Work to complete ▸
Leaving out all pictures, retype the records exactly.

Records ▸
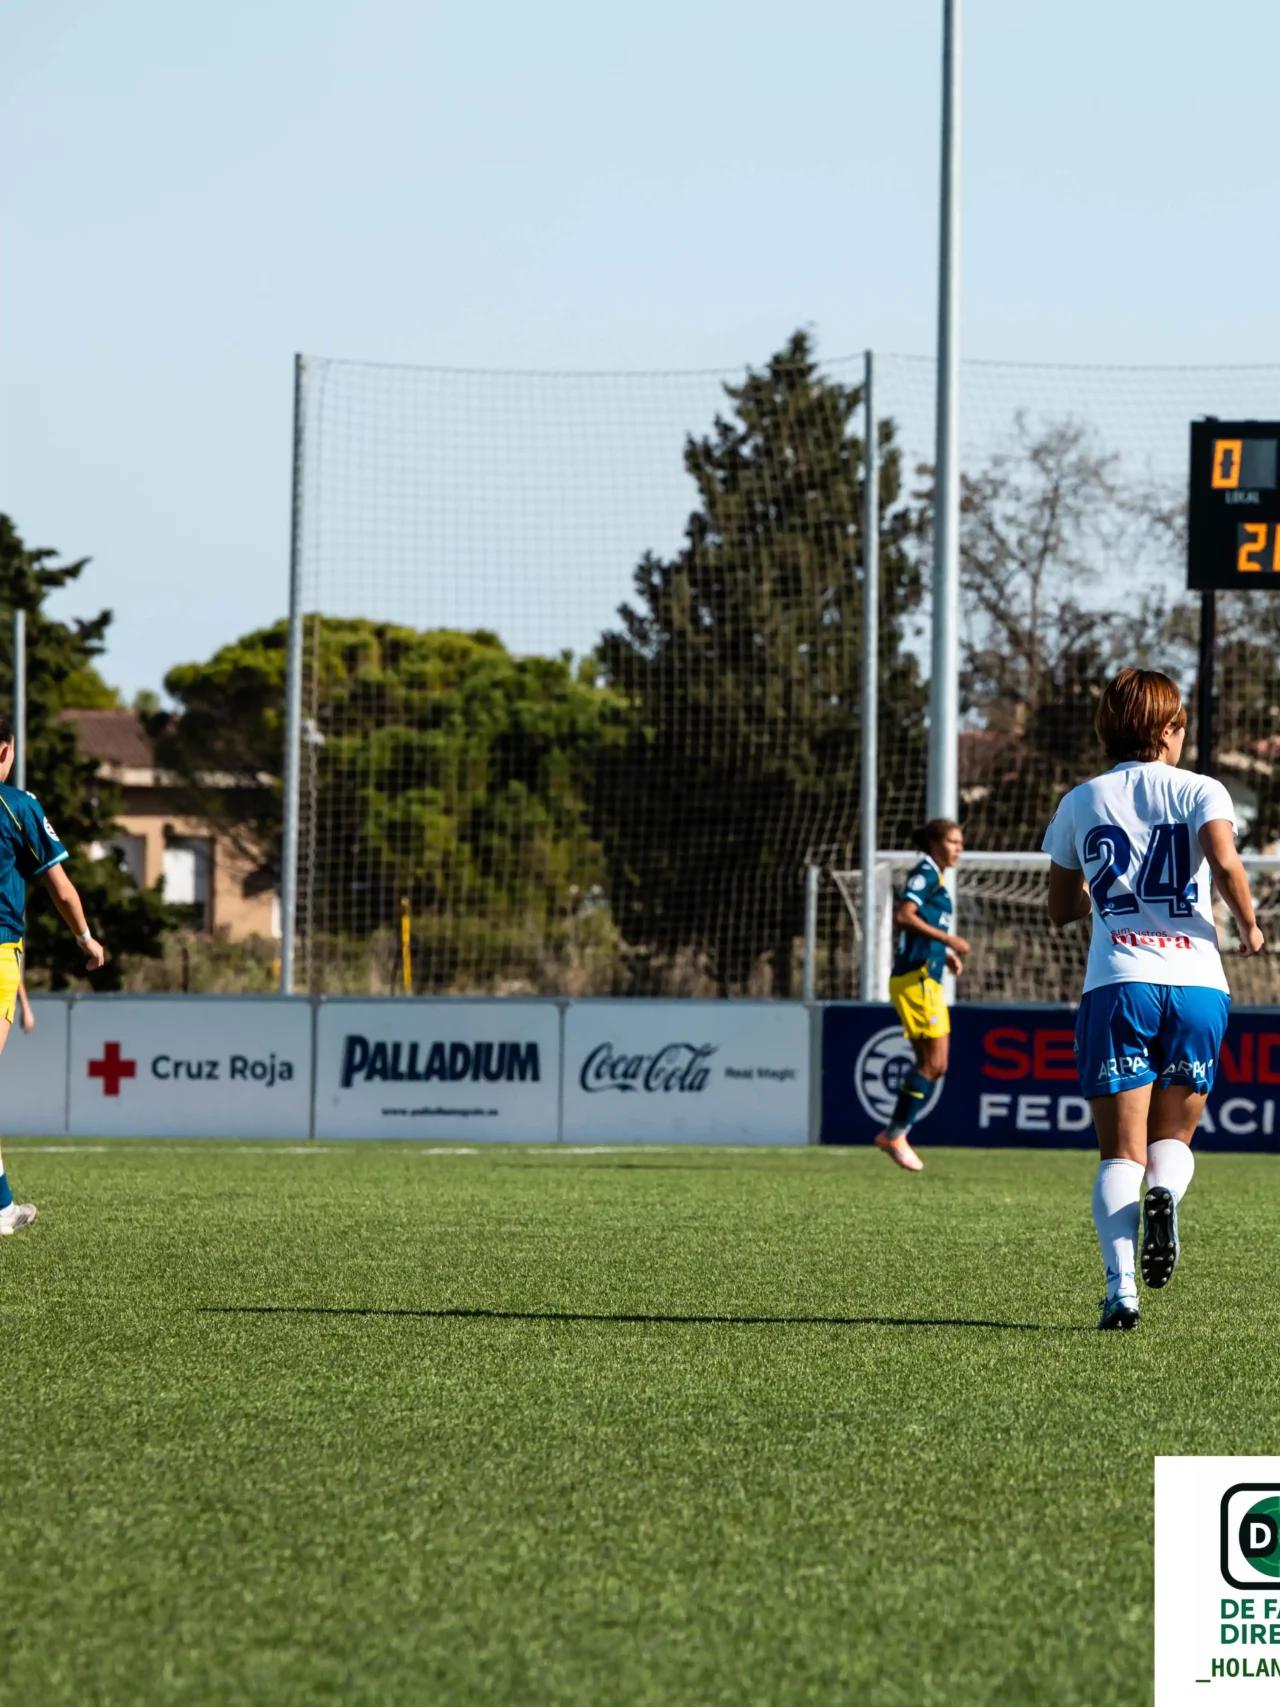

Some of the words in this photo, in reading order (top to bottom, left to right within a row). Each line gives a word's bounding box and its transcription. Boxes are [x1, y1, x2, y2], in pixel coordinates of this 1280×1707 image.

[1211, 439, 1243, 489] 0
[1083, 823, 1199, 918] 24
[1111, 932, 1192, 950] mera
[151, 1054, 220, 1080] Cruz
[229, 1052, 294, 1087] Roja
[341, 1034, 540, 1088] PALLADIUM
[1097, 1056, 1148, 1080] ARPA

Solution below ▸
Some of the words in this photo, in reading order (top to bottom, left to right within a row). Each line gives a word's bounding box and its transcription. Boxes are [x1, y1, x2, y2], in pixel coordinates of this 1280×1707 image.

[1211, 439, 1243, 489] 0
[1083, 823, 1199, 918] 24
[1111, 932, 1192, 950] mera
[151, 1054, 220, 1080] Cruz
[229, 1052, 294, 1087] Roja
[341, 1034, 540, 1088] PALLADIUM
[1097, 1056, 1148, 1080] ARPA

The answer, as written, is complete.